After examining the above two judgments passed by the two Courts concurrently finding that the dismissal order passed by the petitioners is not based in compliance with the required provisions for a departmental proceeding, thus, illegal. However, there is a serious allegation of desertion against the present opposite party which is not acceptable because such kind of desertion would set a bad example in BARC and elsewhere, therefore, of the plaintiff-opposite-party is to face a departmental proceeding for allegation of desertion as per Regulation 39(ga) from the station of her employment by violating the orders of her employer which is an insubordination and this matter should be examined by an inquiry committee for deciding an appropriate penalty for such allegation. However, the present petitioners passed the dismissal order without forming an inquiry committee, giving an opportunity for personal hearing and others procedural steps, thus, the present dismissal order is inappropriate. Moreover, the present plaintiff-opposite-party did not avail the appellate forum available under the law. I am, therefore, inclined to dispose of this Rule. Accordingly, the Rule is disposed of with the following directions.

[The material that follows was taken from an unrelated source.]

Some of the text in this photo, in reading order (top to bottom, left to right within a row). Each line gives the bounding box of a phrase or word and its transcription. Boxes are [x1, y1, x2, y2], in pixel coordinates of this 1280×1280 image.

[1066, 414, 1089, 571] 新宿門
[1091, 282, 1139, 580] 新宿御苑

In view of the above, the dismissal order of the plaintiff-opposite- party, Feroza Sultana, dated 22.01.2006 is hereby declaration illegal and void. Therefore, the petitioners are hereby directed to give her employment back in a place or post where the present defendant-petitioners consider appropriate and she will be entitlement to salary and others benefits in the post given by the present defendant-petitioner from the date of her joining in the service but not any arrears. This is considered as an exceptional case.

The present petitioners may draw a departmental proceeding after complying all the required steps provided in Regulation 43 or other law under the “Bangladesh Agricultural Research Council under the Bangladesh Krishi Gobesona Council Kormochari Chakuri Probidhanmala, 1989”, upon the allegation of desertion against the present opposite party.

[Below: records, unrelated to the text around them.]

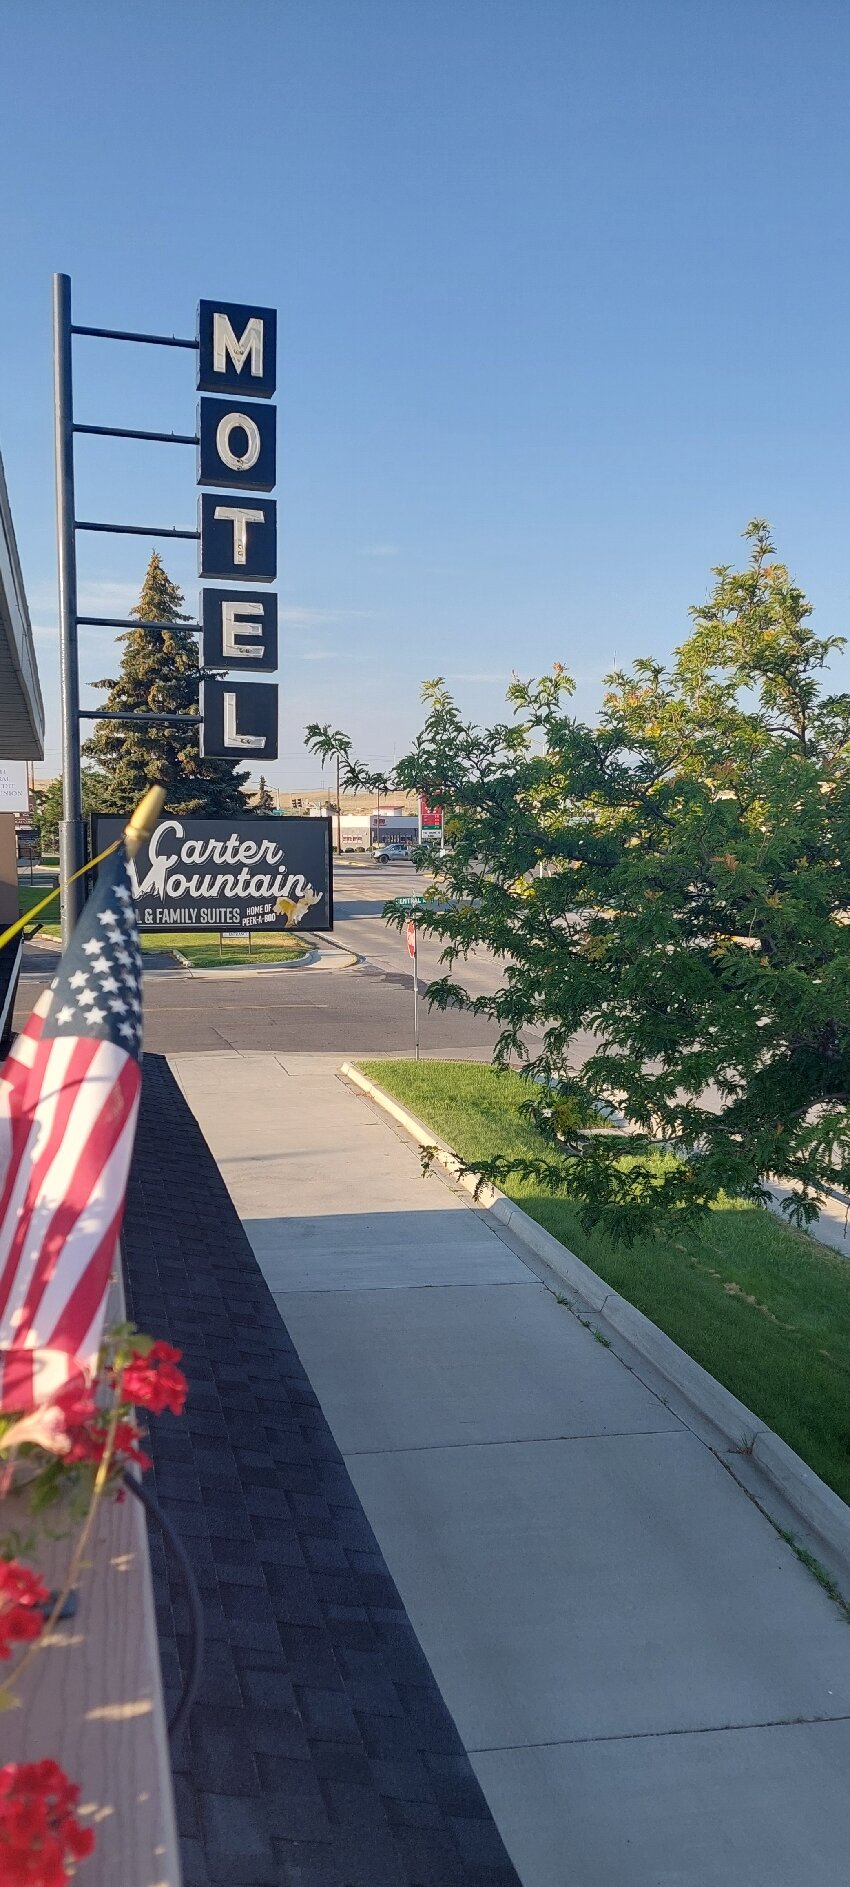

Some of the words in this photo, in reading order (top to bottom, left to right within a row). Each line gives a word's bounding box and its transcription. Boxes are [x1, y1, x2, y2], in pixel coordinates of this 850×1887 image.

[212, 311, 267, 749] MOTEL
[148, 820, 285, 867] Carter
[131, 855, 310, 903] Mountain
[144, 908, 154, 924] &
[156, 908, 198, 924] FAMILY
[200, 907, 241, 924] SUITES
[242, 912, 276, 927] PEEK-A-BOO
[246, 905, 264, 916] HOME
[264, 903, 273, 913] OF

In view of the above, the judgment and decree passed by the appellate Court bellow is thereby upheld with the above modifications.

In the result, the Rule is disposed of.

The interim order of stay granted upon the operation of the judgment and decree dated 02.02.2015 passed by the learned Additional District Judge, 2nd Court, Dhaka in Title Appeal No.189 of 2010 affirming those dated 08.04.2010 passed by the learned Assistant Judge, 2nd Court, Dhaka in Title Suit No.193 of 2007 is hereby recalled and vacated.

The office is directed to communicate this judgment and order and also to send down the Lower Courts Record immediately.